Si Âmes en stock permet à son casting de briller, il faut cependant reconnaître à Sophie Barthés qu'elle offre à ses acteurs les moyens de le faire grâce à des dialogues finements écrits. En amenant le film à subtilement se détacher de la réalité grâce à ses textes d'une absurdité revendiquée, la réalisatrice fait souffler un vent de douce folie sur son histoire, l'amenant, au final, bien loin de son point de départ. Cependant, si l'on ne pourra pas retirer au scénario son audace, il s'avère pourtant que le film s'essoufle petit à petit, notamment dans son dernier tiers. Alors que le long-métrage transfère le cadre de son histoire à St Petersbourg, l'histoire racontée semble plus conventionnelle, plus proche des canons habituels utilisés dans ce style de cinéma ; l'originalité du concept de base, assimilée par le spectateur, ne trouve plus suffisamment de matière nouvelle pour savoir correctement se renouveller. Au delà des dialogues et de l'incongruité de certaines situations, les péripéties y deviennent alors plus prévisibles.
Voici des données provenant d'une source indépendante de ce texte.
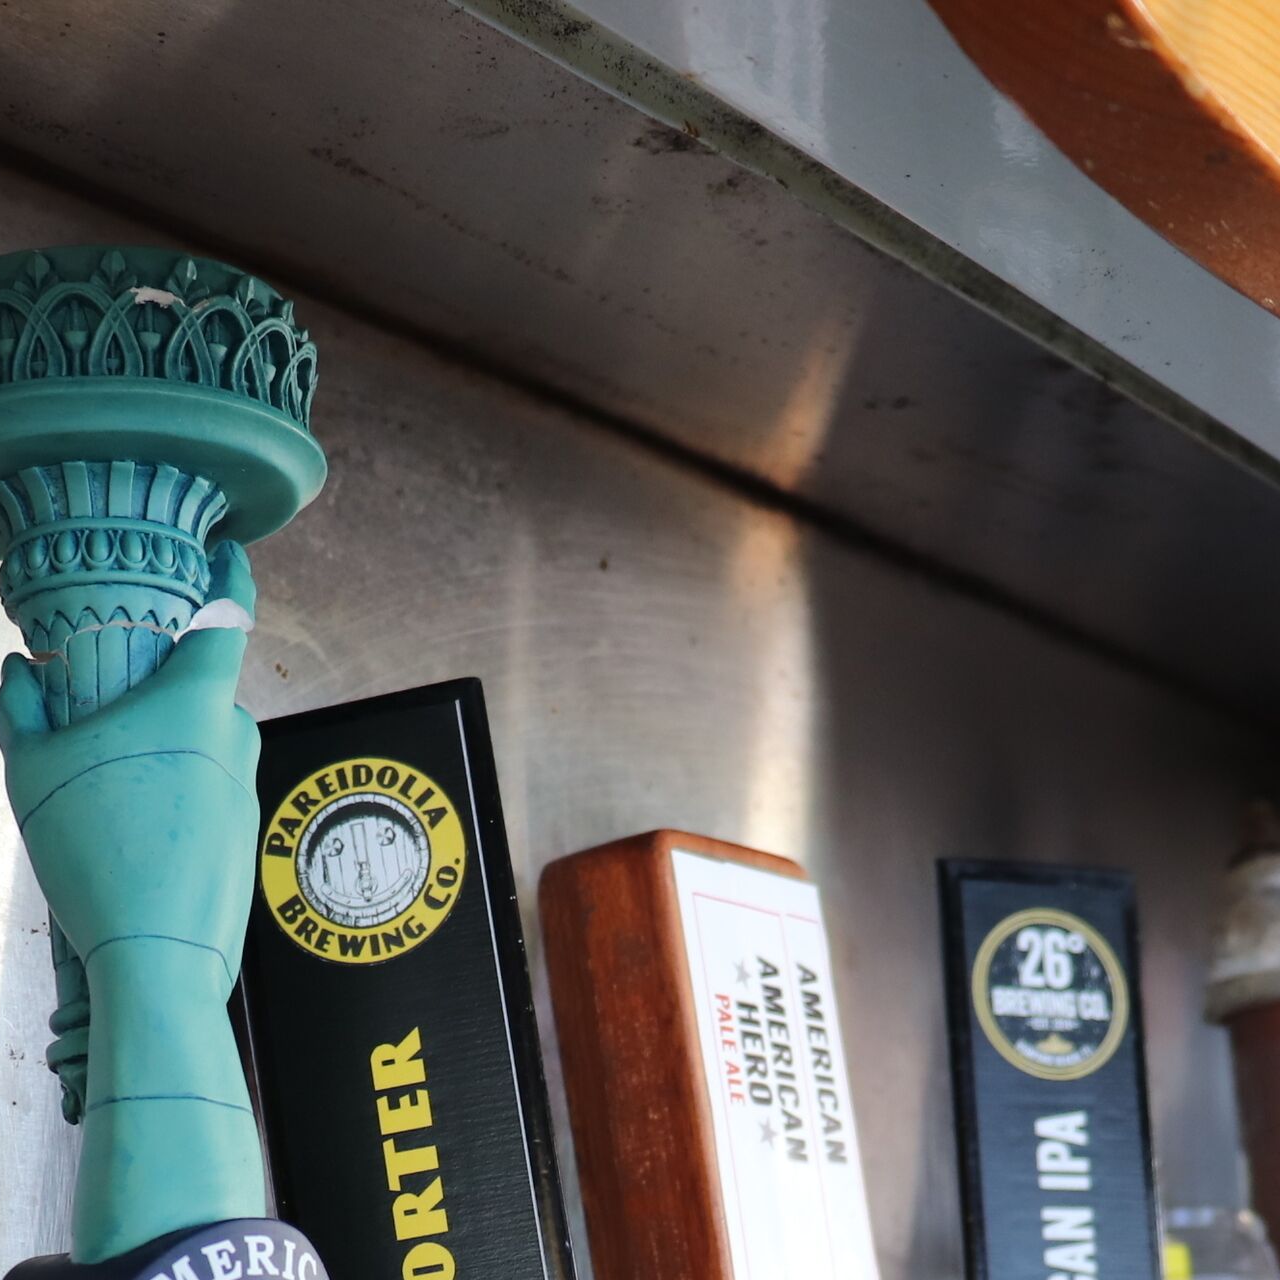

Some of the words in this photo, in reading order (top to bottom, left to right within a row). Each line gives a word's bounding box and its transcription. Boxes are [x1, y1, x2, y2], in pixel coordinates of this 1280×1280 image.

[265, 764, 448, 859] PAREIDOLIA
[277, 895, 427, 958] BREWING
[423, 857, 461, 910] CO.
[1015, 927, 1087, 990] 26°
[714, 993, 737, 1054] PALE
[736, 1000, 773, 1108] HERO
[756, 955, 809, 1163] AMERICAN
[796, 962, 848, 1165] AMERICAN
[725, 1060, 746, 1106] ALE
[1033, 1110, 1093, 1191] IPA
Malgré cela, Âme en stock s'avère, sur l'ensemble de sa durée, suffisamment intelligent dans son propos pour offrir au spectateur un nombre conséquent de thématiques et de pistes de réflexion intéressantes, auxquels sont mêlés les insipides problèmes d'un acteur mégalomane insatisfait. Entre problèmes métaphysique, réflexions sociales, regard posé sur la relation amour/haine entre Etats-Unis et Russie et digressions psychanalitiques, Sophie Barthés greffe à chaque péripétie vécue par son personnage principal une pléthore d'idées diverses, auxquelles on pourra cependant repprocher des traitements inégaux, certains étant de manière assez visible plus complets et réussis que d'autres. On regrettera, par exemple, le fait que Katheryn Winnick soit totalement sous-exploitée, et ce notamment dans le passage où elle endosse l'âme de Giamatti, alors que cette transformation semble n'avoir eu sur elle absolument aucun effet.
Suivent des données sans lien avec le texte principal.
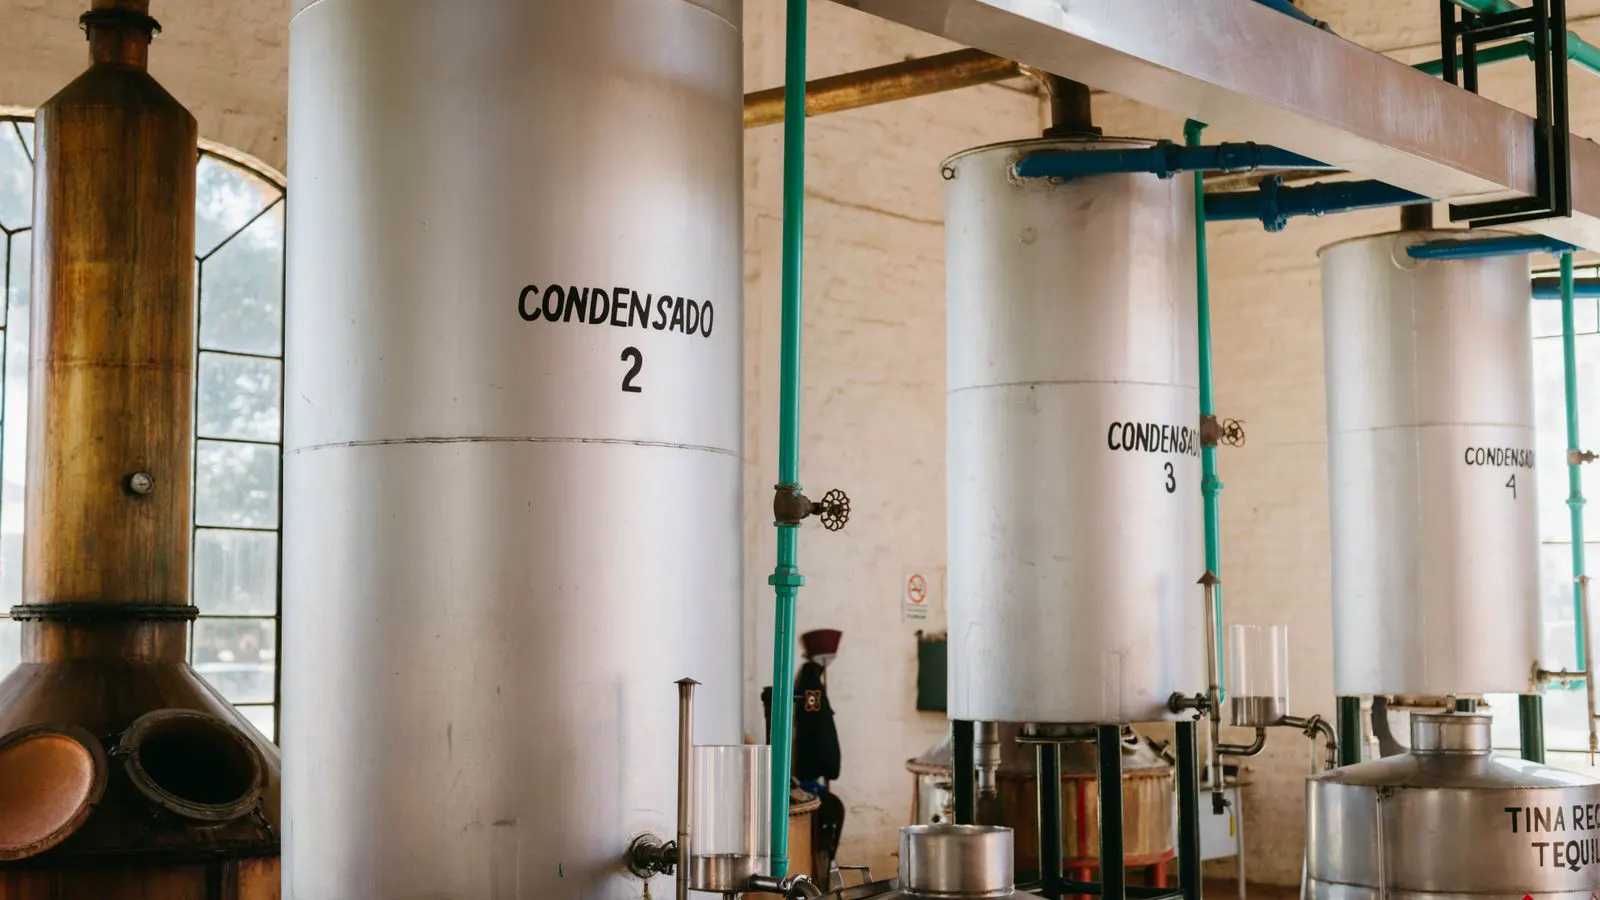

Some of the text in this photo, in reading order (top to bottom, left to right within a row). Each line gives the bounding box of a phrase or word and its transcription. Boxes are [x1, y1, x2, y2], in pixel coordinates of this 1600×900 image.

Visuellement, le film sait ancrer son scénario dans un univers visuel à la fois fort et original ; cela se fait via l'utilisation d'accessoires détournés de leur utilisation première - les lunettes de soudeur pour regarder les tréfonds de l'âme - grâce à une économie de moyen tendant à un minimalisme au niveau des décors - le blanc restant la couleur dominante du film - et par l'utilisation de formes relevant d'un certain art contemporain sophistiqué pour la conception des machines. Le film joue de plus sur le contraste entre, d'une part, ces deux villes esthétiquement très fortes que sont New York et st Petersbourg et, d'autre part, les intérieurs froids et désincarnés caractérisant notamment la clinique d'extraction d'âmes. La mise en scène, quant à elle, s'efface derrière son sujet tout en restant maîtrisée de bout en bout, donnant à ses dialogues ouvertement humoristiques des airs de tragi-comédie.

La conclusion de à propos du Film : Ames en stock [2010]

Auteur Vincent L.
75

Film ovni à mi-chemin entre les scénarios de Charlie Kaufman et les écrits de Nicolai Gogol, Âmes en stock est un petit bijou d'humour absurde magnifiquement dialogué, et tenu de bout en bout par casting inspiré duquel émerge très largement un Paul Giamatti tout simplement exceptionnel. Si l'on pourra juste regretter que le concept s'épuise quelque peu dans la dernière partie du long-métrage - livrant de fait un final légèrement en dessous de la qualité générale du film - Âme en stock fait pourtant preuve d'une inventivité et d'une richesse surprenante. A découvrir !

On a aimé

  • De très bons dialogues,
  • Un casting parfait,
  • Une histoire qui sort des sentiers battus,
  • De nombreuses pistes de reflexions,
  • Un humour absurde subtilement dosé,
  • Une mise en scène qui sait trancender son sujet.

On a moins bien aimé

  • Une dernière partie qui s'essoufle,
  • Quelques thématiques sous-traitées,
  • Humour relevant du théâtre de l'absurde, donc qui pourra déplaire.